Meadow Garden is the historic former home of George Walton, one of the three signers of the U.S. Declaration of Independence from Georgia. Our tour was excellent. We got to see the original home, the addition, and the cellar in just about an hour.
The only negative was the guilt I felt about interrupting our guide’s lunch when we arrived. Call ahead if you don’t want to be similarly awkward.
11. Check out the Sacred Heart Cultural Center.
This former Catholic church is now an event space open to self-guided tours. The exterior alone is impressive and worth a visit. Don’t miss out on the stained glass windows, a call back to the building’s roots as a church.
12. See one of the oldest Black churches at Springfield Baptist Church.
Springfield Baptist Church is just half a mile from Sacred Heart, but it’s often overlooked. That doesn’t make it any less important as a historical site in Augusta.
The church was built by freed slaves in 1801 and today is one of the oldest Black congregations in the country. That makes it one of the most important stops for what to see in Augusta, GA.
The church has served as an important meetinghouse over the years. It was here that a group of students created Morehouse College back in 1879. It was known as the Augusta Institute back then.
If it’s a nice day, visit Springfield Village Park across the street. The public park features a large statement sculpture and benches for the perfect picnic or a rest.

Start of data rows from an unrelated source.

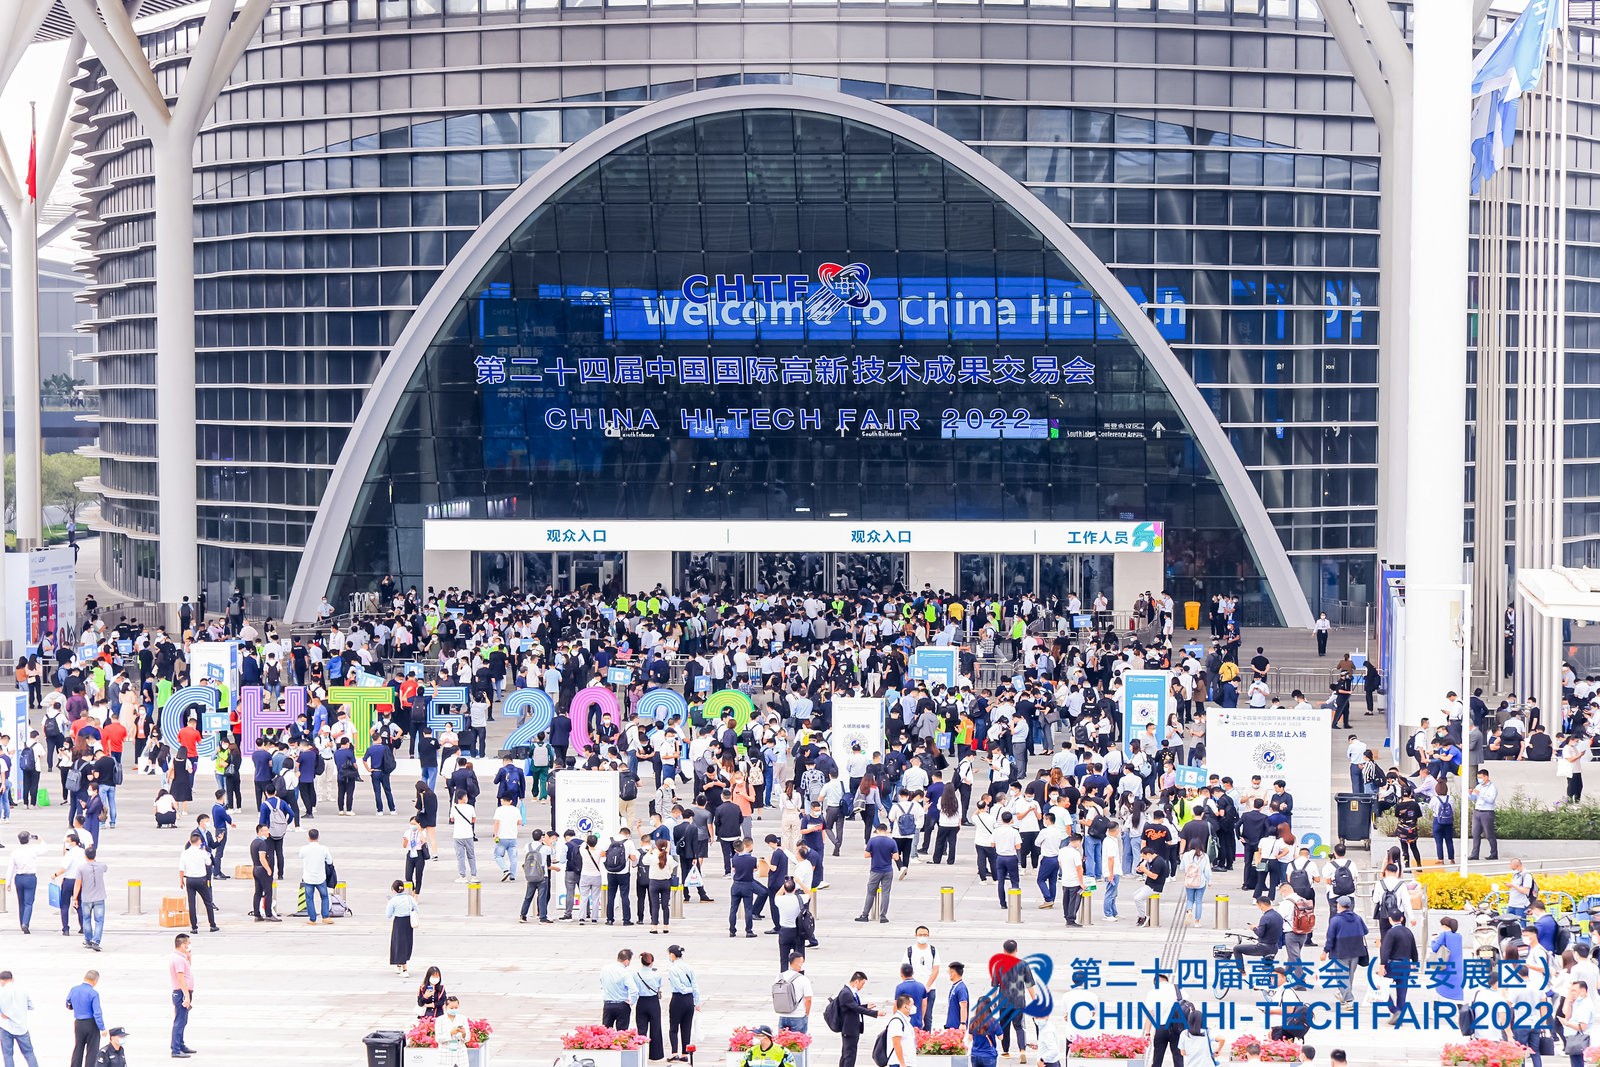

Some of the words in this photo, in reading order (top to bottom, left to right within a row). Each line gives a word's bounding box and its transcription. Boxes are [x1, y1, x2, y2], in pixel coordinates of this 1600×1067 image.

[682, 274, 809, 303] CHTF
[902, 291, 1017, 325] China
[474, 355, 1096, 387] 第二十四届中国国际高新技术成果交易会
[545, 408, 660, 430] CHINA
[681, 408, 821, 430] HI-TECH
[839, 408, 921, 430] FAIR
[942, 408, 1031, 430] 2022
[546, 528, 607, 543] 观众入口
[851, 529, 912, 543] 观众入口
[1067, 531, 1129, 544] 工作人员

13. Climb to the hilltop Ezekiel Harris House.
We missed out on this one. Visits at that time were by appointment only, and it never seemed like the right time…and then we ran out of time.
Its hilltop placement makes it a worthwhile visit just for the exterior, but if you visit on a longer stay, the history is an interesting one.
The house is one of the oldest in Augusta. (Meadow Garden takes the top spot, as you may have already guessed.)
Ezekiel Harris was a Revolutionary War soldier who made some money selling tobacco in town. I imagine tours go into his controversial past, too. He was tried and acquitted over the murder of a neighbor. The two were business rivals, so I’m not sure what to make of that bit.
14. Hike in Brick Pond Park.
Make the effort to drive over the bridge into North Augusta for Brick Pond Park, home to gators large and small. We even saw a fairly large specimen swimming in the pond on an unseasonably warm February day.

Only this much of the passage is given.